Stanford University wrote:Our goal: to understand protein folding, misfolding, and related diseases
What is protein folding and how is folding linked to disease? Proteins are biology's workhorses -- its "nanomachines." Before proteins can carry out these important functions, they assemble themselves, or "fold." The process of protein folding, while critical and fundamental to virtually all of biology, in many ways remains a mystery.
Moreover, when proteins do not fold correctly (i.e. "misfold"), there can be serious consequences, including many well known diseases, such as Alzheimer's, Mad Cow (BSE), CJD, ALS, Huntington's, Parkinson's disease, and many Cancers and cancer-related syndromes.
You can help by simply running a piece of software. Folding@Home is a distributed computing project -- people from through out the world download and run software to band together to make one of the largest supercomputers in the world. Every computer makes the project closer to our goals.
Folding@Home uses novel computational methods coupled to distributed computing, to simulate problems thousands to millions of times more challenging than previously achieved.

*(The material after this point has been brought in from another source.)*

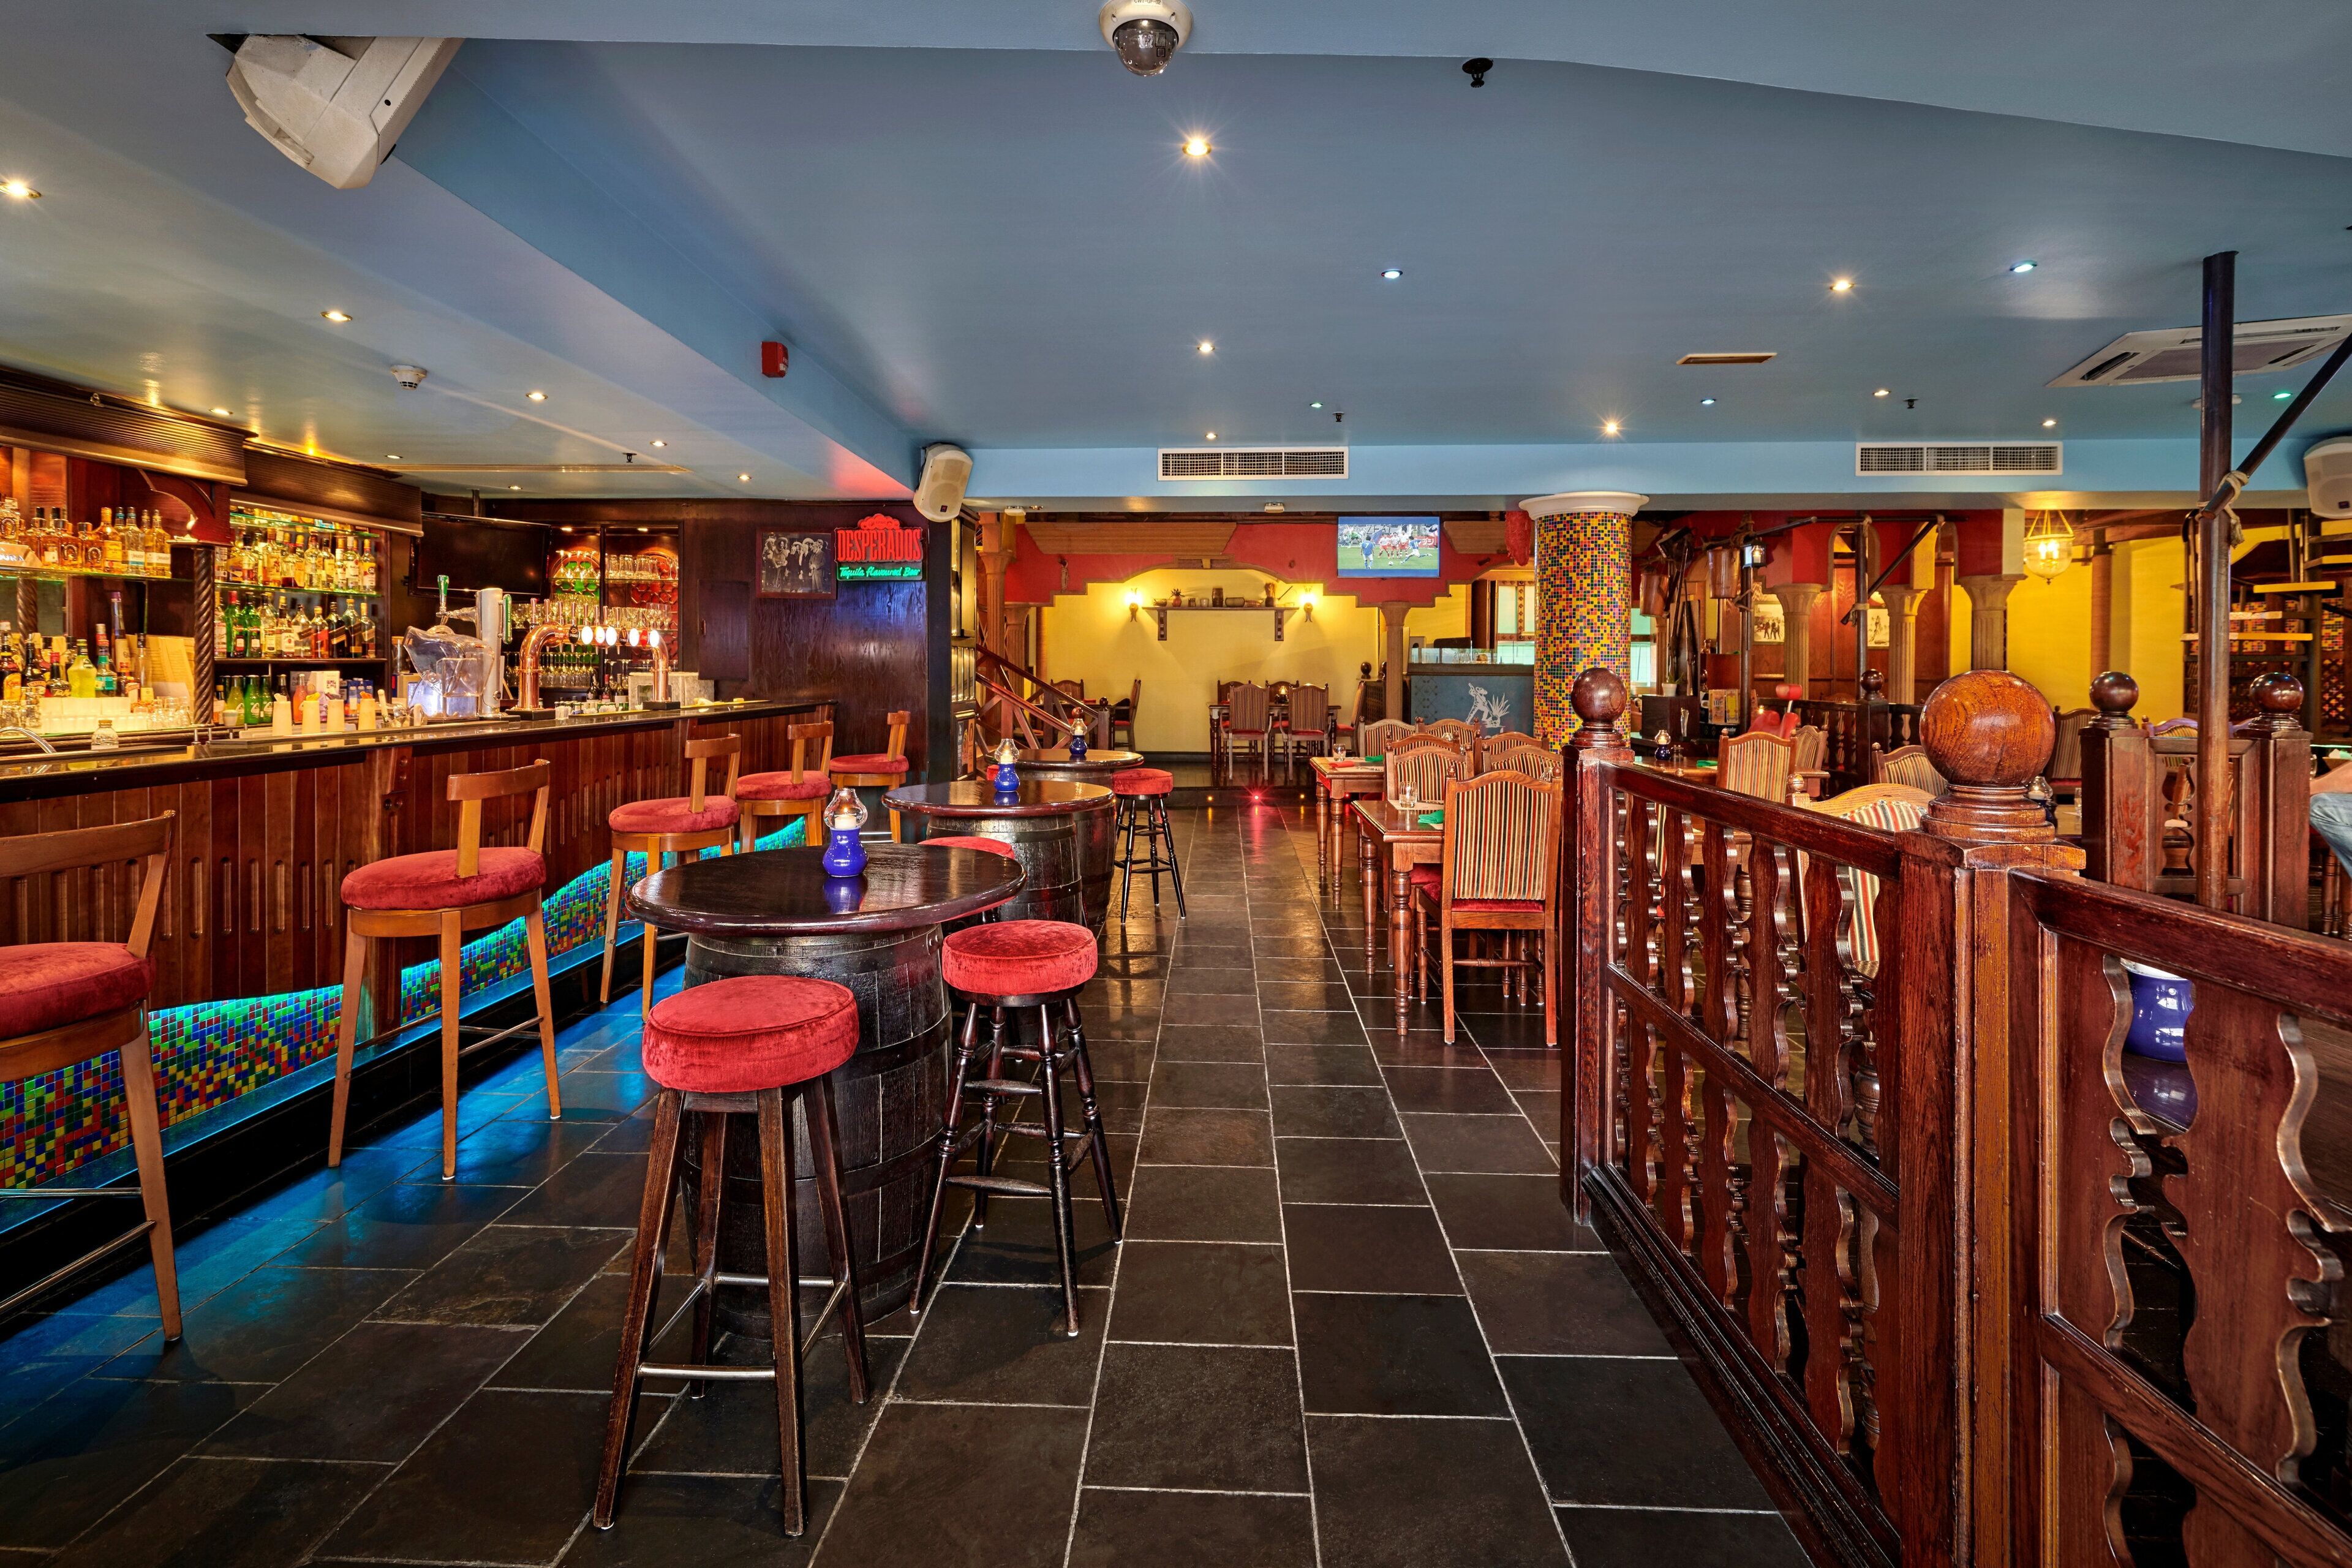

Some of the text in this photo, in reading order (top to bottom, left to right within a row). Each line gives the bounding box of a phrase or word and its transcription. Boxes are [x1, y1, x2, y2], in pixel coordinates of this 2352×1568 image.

[837, 529, 922, 562] DESPERADOS
[840, 565, 921, 579] Tequila flavoured Beer
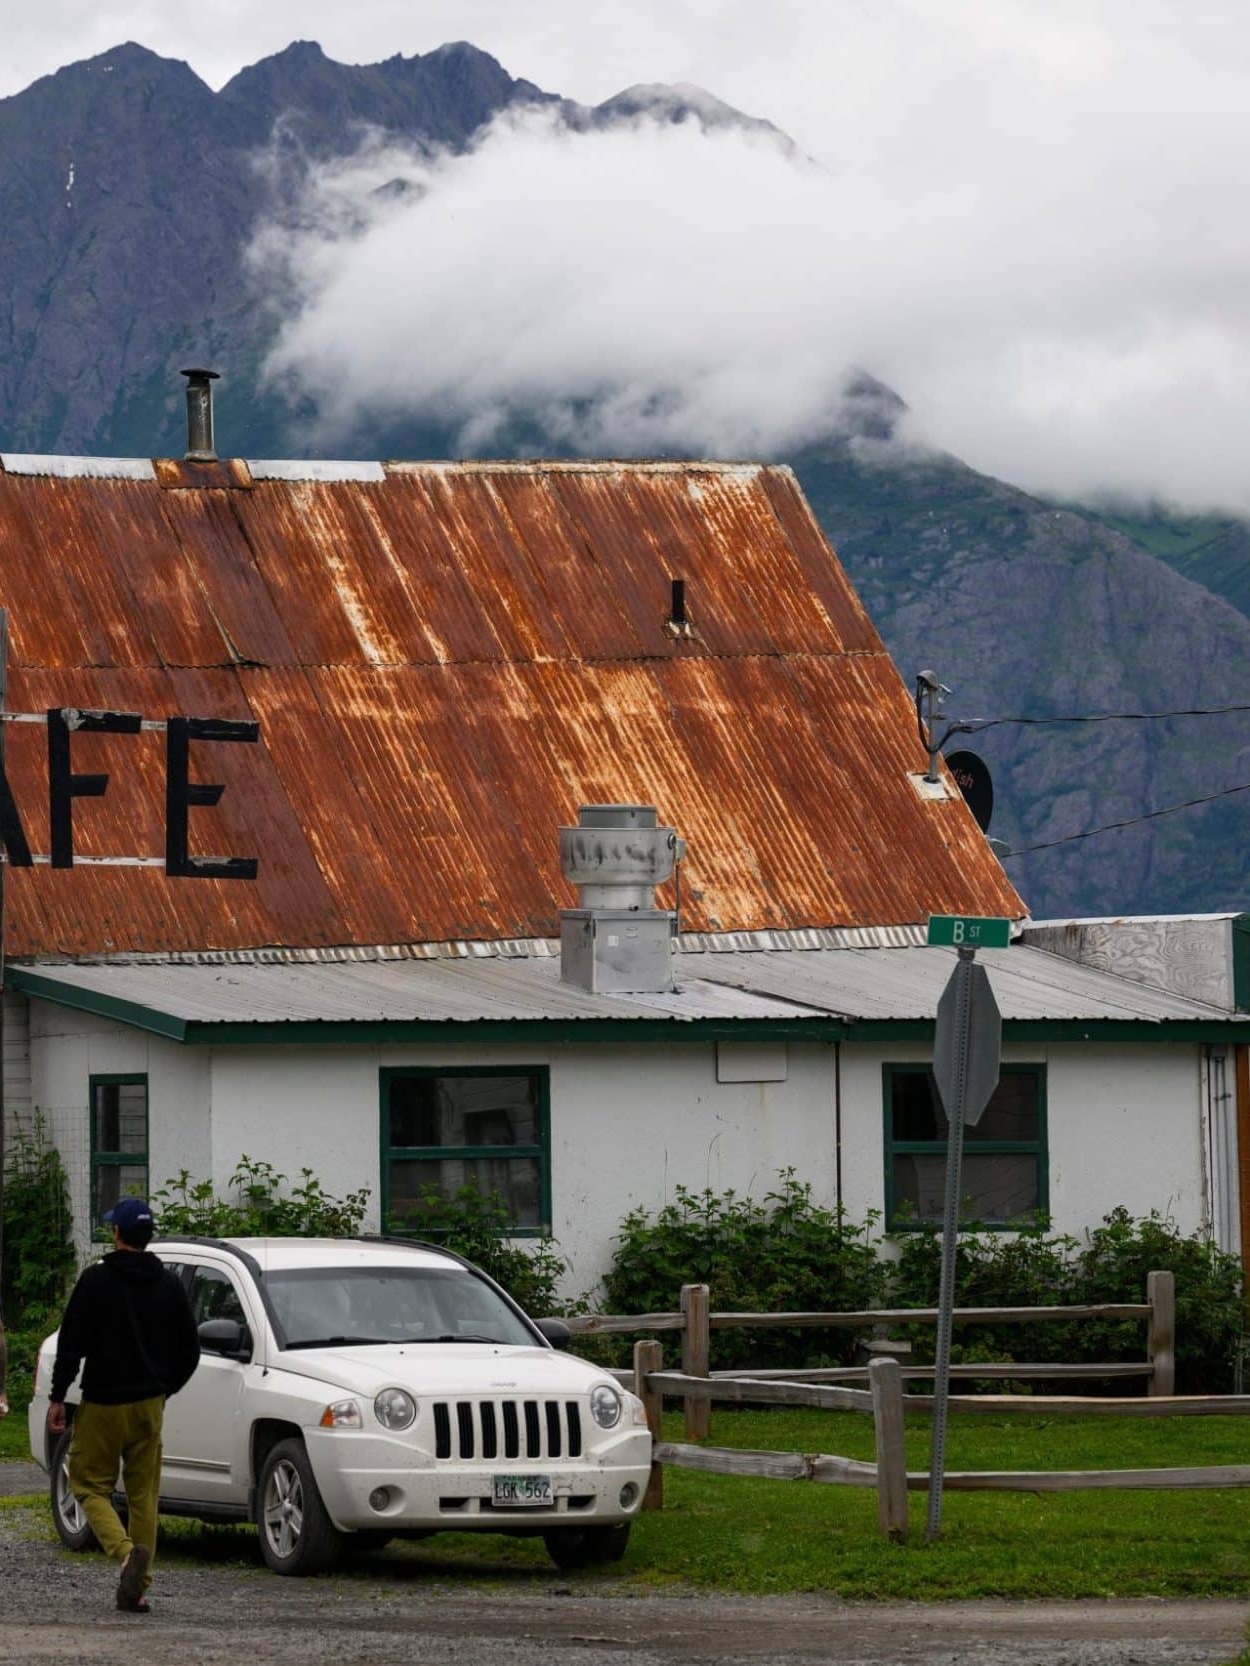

Not sure how many of you guys like science besides Arlos but I think this project is really cool. This just came available for my PS3. From what I understand, I'm helping them by just running this and leaving my ps3 on and I'd be helping them even more if I got a team of people to join my "Folding team". If we leave our systems on, there's a simulation of a protein folding that just keeps running so that Stanford's Medical Center can analyze my data and possibly know more about some of today's diseases.